Ffchw’s favorite piece is called “Only rain should fall from the sky.”

“All my artworks are done from the bottom of my heart, and I don’t regret anything,” he told The Moscow Times.

“After February 24, I had to find a new language for my statements. My art is divided into ‘before’ and ‘after’. Now it is also accompanied by many emotions such as guilt and fear about the horrific and catastrophic events that are taking place. I am sure that art can change lives, but will it be able to change the regime? I do not know.”

Vladimir Ovchinnikov

Vladimir Ovchinnikov next to his graffiti in Borovsk.  Vladimir Ovchinnikov / Facebook

Vladimir Ovchinnikov next to his graffiti in Borovsk.
Vladimir Ovchinnikov / Facebook

Vladimir Ovchinnikov85, is a famous figure in Borovsk, a small town of 10,000 people not far from Moscow.

Ovchinnikov was fined 35,000 rubles ($475) earlier this year for a drawing of a little girl wearing the colors of the Ukrainian flag with three bombs falling on one of the buildings in his town. Under her image, he wrote: “STOP.”

The mural was painted over, but later Ovchinnikov painted a new piece in the same place – the word “bezumie” (“madness”) in Russian with the Latin letter Z – the Kremlin symbol of his “special military operation.”

Misha Marker

Misha Marker's

Misha Marker’s “Goes *****”
Misha Marker / Instagram

The works of one of the most famous Russian street artists, Misha Marker, almost as soon as they hit the streets of St. Petersburg appeared, painted over. But that doesn’t stop him. Before the war, his work was displayed in many galleries and museums, including the Russian Museum. Marker hides his face in public so no one knows what he looks like — or his age.

In recent works, he uses five snowflake-like stars as a substitute for the Russian word for “war” (the word is banned under Russian law and people are supposed to use the phrase “special military operation” instead).



Zoom’s “Repka”
Zoom / Instagram

Like many other Russian street artists, Zoom does not reveal his real name or appearance and speaks to his public through social media and graffiti.

His works used to appear on the streets of Moscow, but now he works mostly in St.

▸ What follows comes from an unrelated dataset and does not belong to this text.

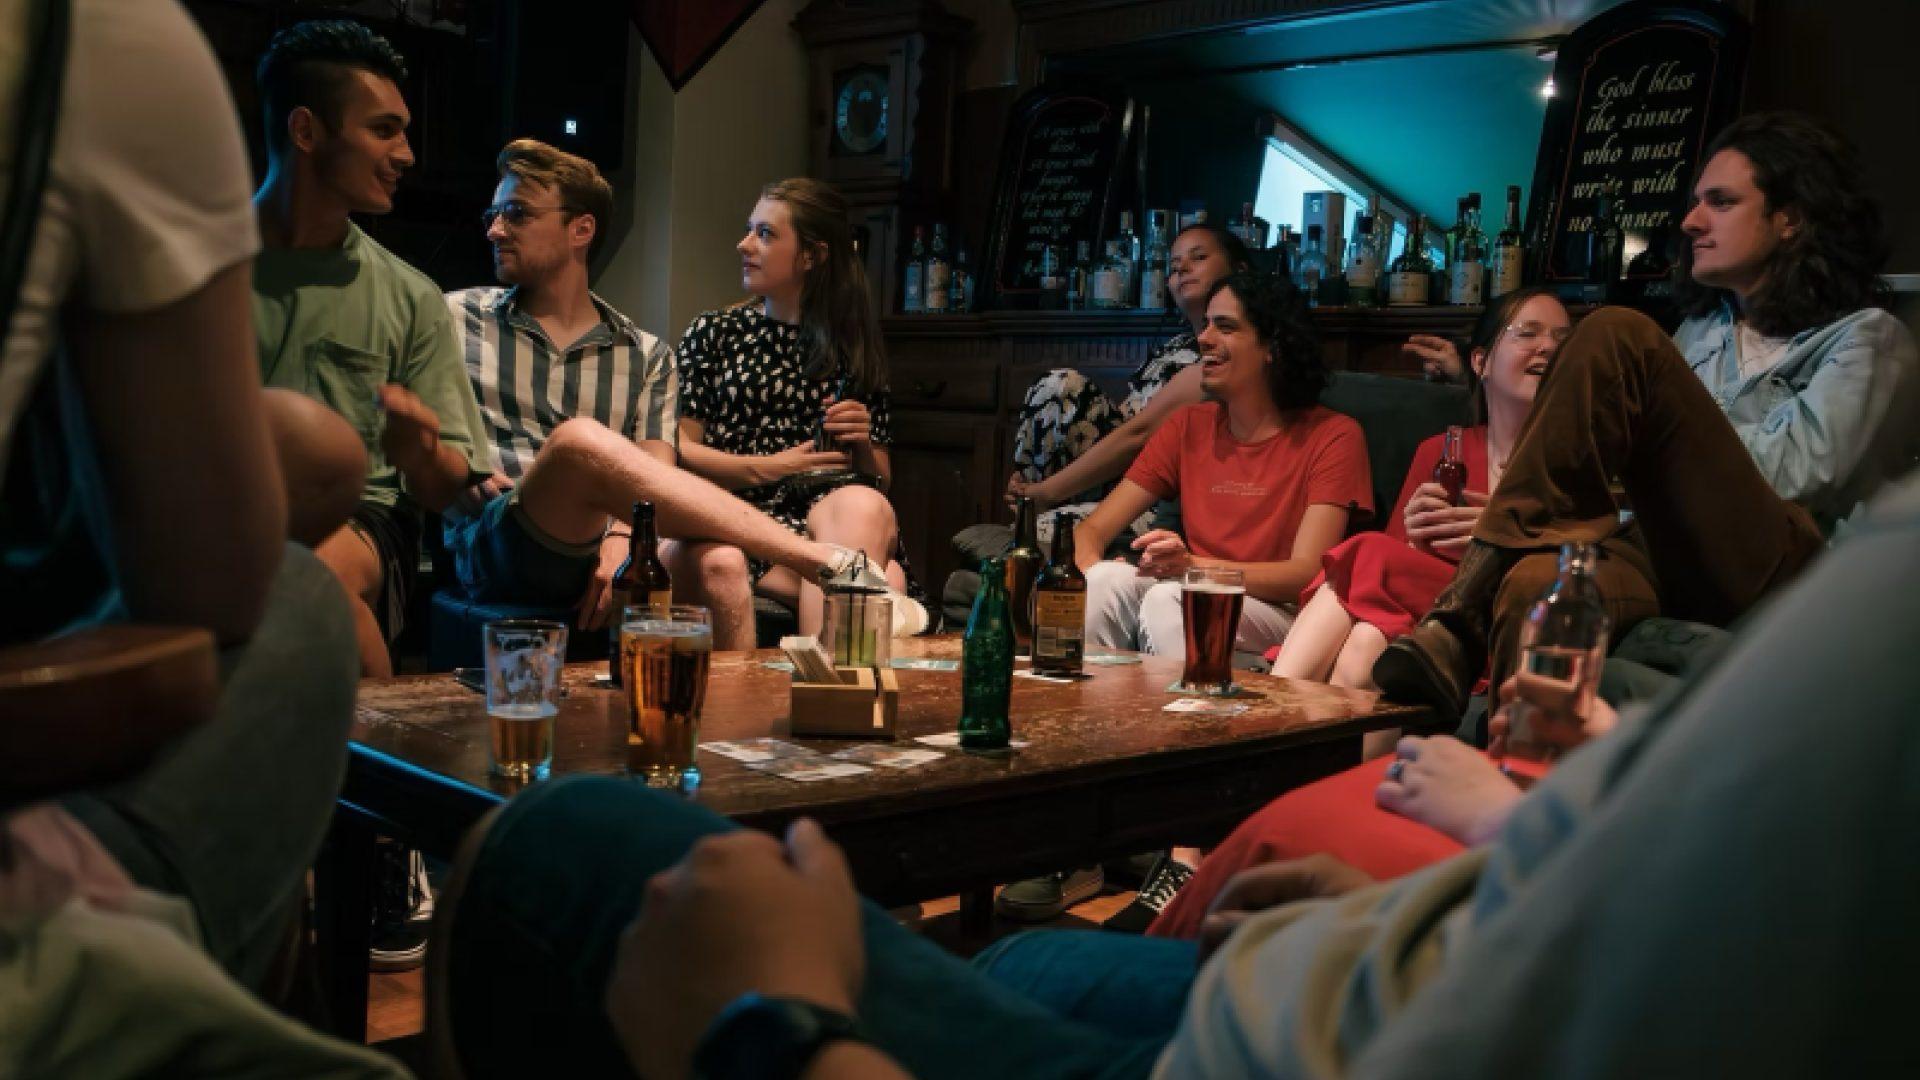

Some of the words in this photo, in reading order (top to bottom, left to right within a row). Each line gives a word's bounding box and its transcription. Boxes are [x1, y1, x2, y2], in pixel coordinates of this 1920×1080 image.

His recent painting “Turnip” is a reference to the famous Russian folk tale “The giant turnip.” In this story, a grandfather plants a turnip, which grows so large that he cannot pull it up himself. He asks his wife, but even together they can’t pick it up. Then their granddaughter and pets are recruited to help too, until they finally pull the turnip out of the ground.

Zoom painted his version of the story with a nuclear explosion and skeletons on Ulitsa Khersona, named after the Ukrainian city occupied by Russian forces for 8 months this year.

“I first showed this work at a solo show a few years ago, but its street version is more relevant now than ever. People see that this is not a joke,” Zoom told The Moscow Times.

“We live in traumatic but very interesting times. My personal challenge is to create works that unite people and prevent them from dehumanizing others. If that’s not what art is for, then what is it for?”